%%

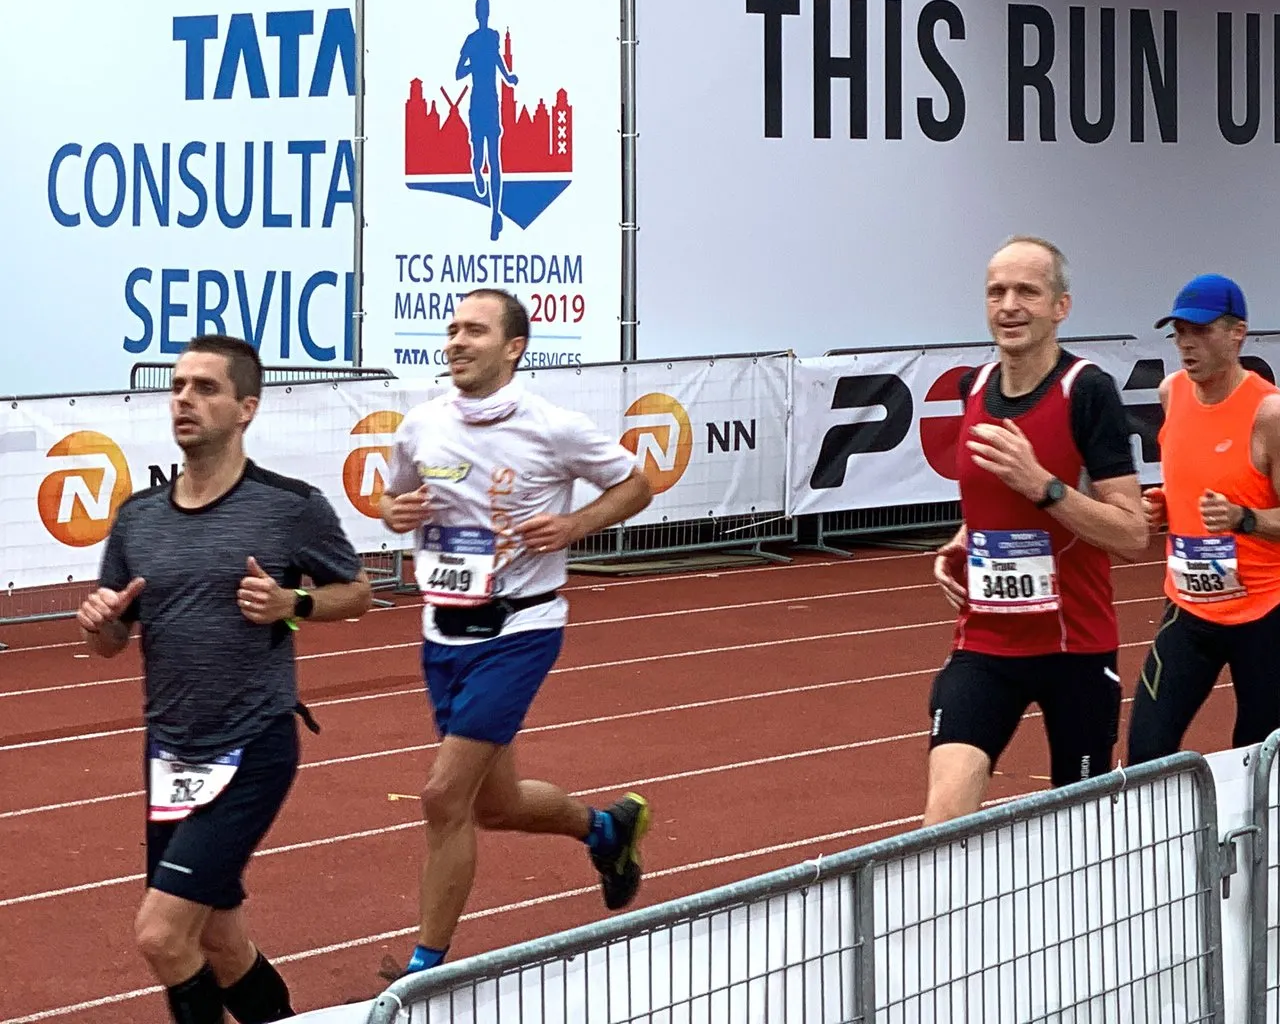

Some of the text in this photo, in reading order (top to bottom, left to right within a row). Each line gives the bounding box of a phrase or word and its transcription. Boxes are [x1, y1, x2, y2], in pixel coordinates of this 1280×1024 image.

[173, 8, 356, 100] TATA
[1006, 3, 1178, 144] RUN
[395, 254, 583, 283] TCS AMSTERDAM
[530, 294, 585, 323] 2019
[394, 349, 429, 365] TATA
[524, 352, 582, 368] SERVICES
[706, 419, 756, 453] NN
[427, 567, 472, 592] 4409
[982, 574, 1034, 598] 3480

%%

_How to complete this task:_
Copy all the material word for word, minus its pictures.

_Answer space:_
Some of the text in this photo, in reading order (top to bottom, left to right within a row). Each line gives the bounding box of a phrase or word and its transcription. Boxes are [x1, y1, x2, y2], in pixel coordinates of this 1280×1024 image.

[173, 8, 356, 100] TATA
[1006, 3, 1178, 144] RUN
[395, 254, 583, 283] TCS AMSTERDAM
[530, 294, 585, 323] 2019
[394, 349, 429, 365] TATA
[524, 352, 582, 368] SERVICES
[706, 419, 756, 453] NN
[427, 567, 472, 592] 4409
[982, 574, 1034, 598] 3480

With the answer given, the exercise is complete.